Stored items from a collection
- - - - -

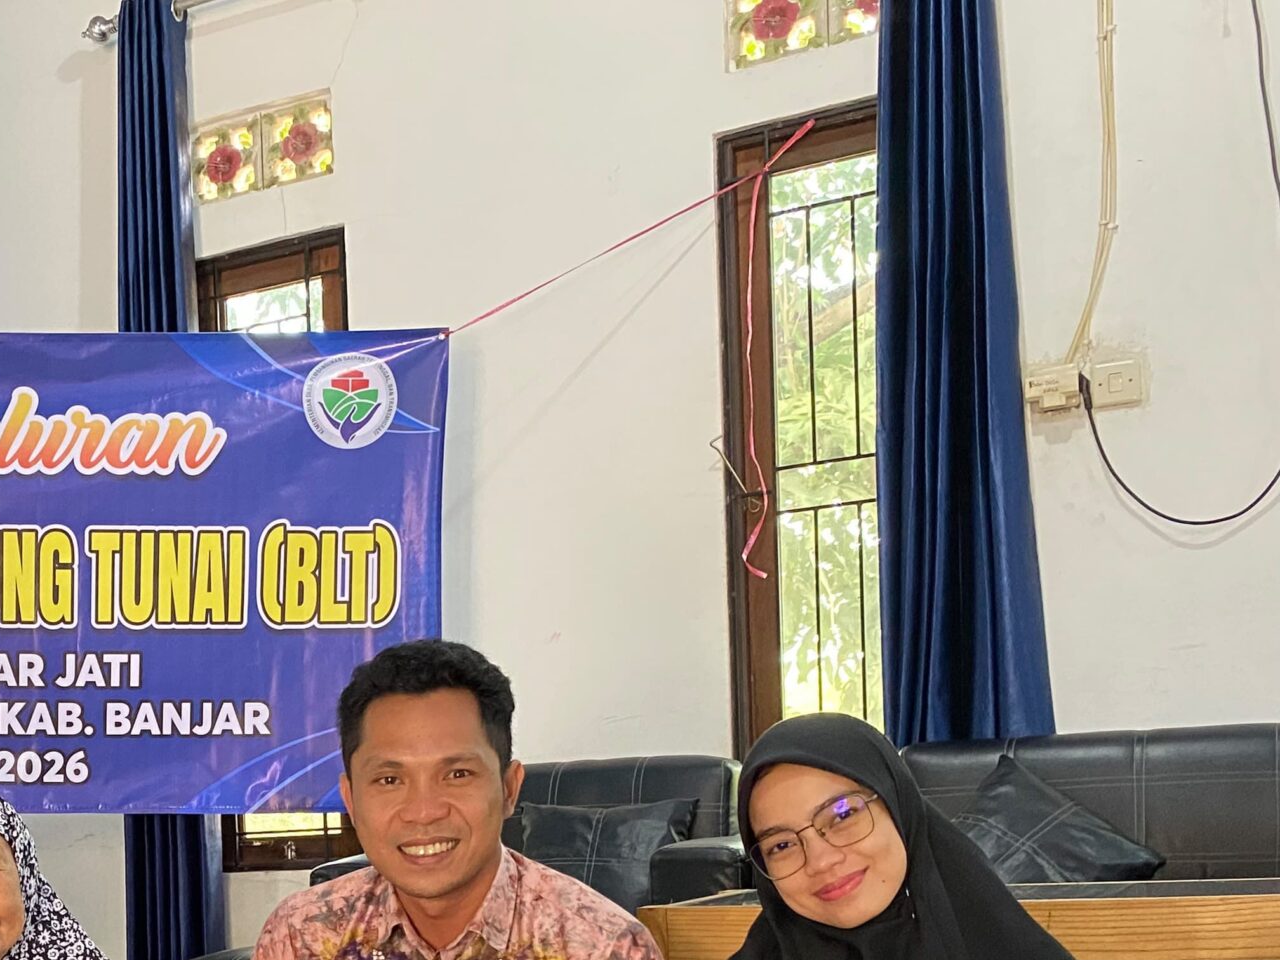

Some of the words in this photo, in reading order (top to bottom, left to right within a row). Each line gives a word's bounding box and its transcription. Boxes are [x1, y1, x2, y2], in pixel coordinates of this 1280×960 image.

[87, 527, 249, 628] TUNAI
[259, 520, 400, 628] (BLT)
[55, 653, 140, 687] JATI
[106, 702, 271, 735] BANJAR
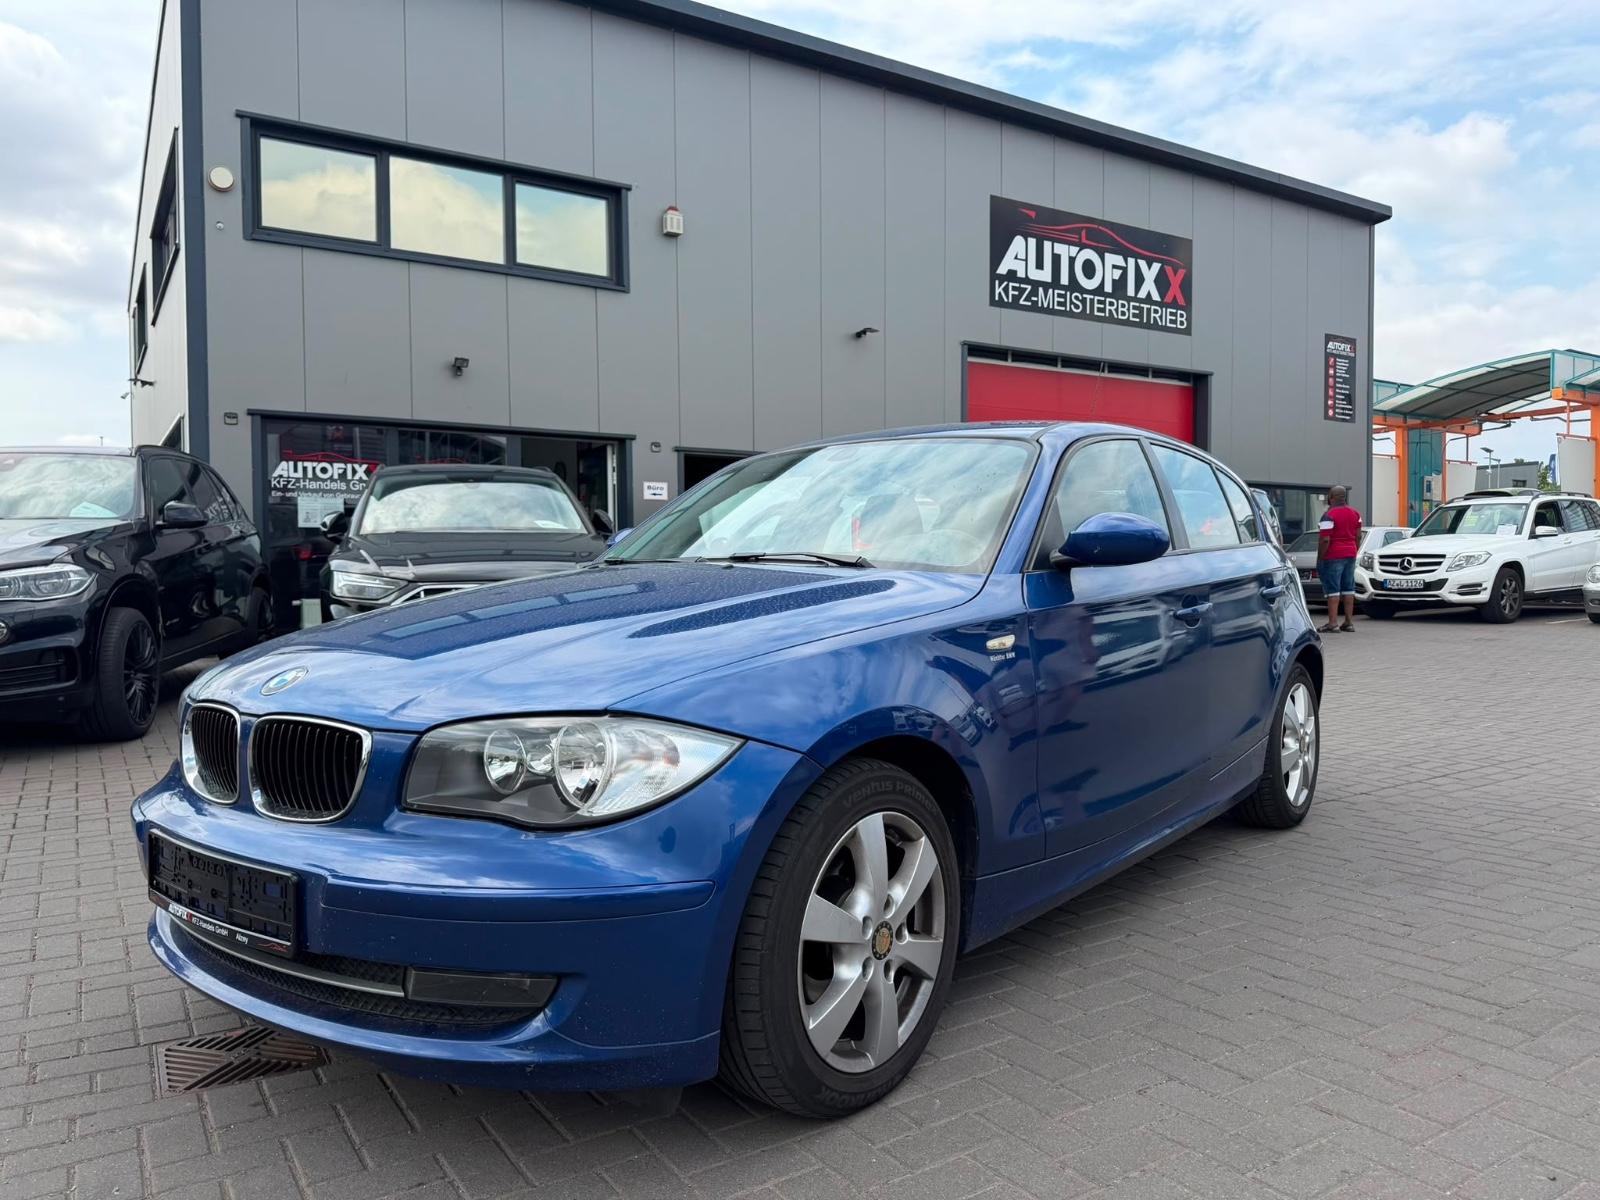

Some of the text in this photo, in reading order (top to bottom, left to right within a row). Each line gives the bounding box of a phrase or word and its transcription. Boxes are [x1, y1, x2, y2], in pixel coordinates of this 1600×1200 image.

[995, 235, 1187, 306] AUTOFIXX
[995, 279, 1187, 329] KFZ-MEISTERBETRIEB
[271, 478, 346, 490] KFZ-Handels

- - - - -

§ **Try it**:
Provide an exact copy of the records, excluding every picture.

§ **Written solution**:
Some of the words in this photo, in reading order (top to bottom, left to right within a row). Each line gives a word's bounding box and its transcription. Boxes are [x1, y1, x2, y2], in pixel coordinates of this 1280×960 image.

[87, 527, 249, 628] TUNAI
[259, 520, 400, 628] (BLT)
[55, 653, 140, 687] JATI
[106, 702, 271, 735] BANJAR

Some of the text in this photo, in reading order (top to bottom, left to right within a row). Each line gives the bounding box of a phrase or word and its transcription. Boxes are [x1, y1, x2, y2], in pixel coordinates of this 1600×1200 image.

[995, 235, 1187, 306] AUTOFIXX
[995, 279, 1187, 329] KFZ-MEISTERBETRIEB
[271, 478, 346, 490] KFZ-Handels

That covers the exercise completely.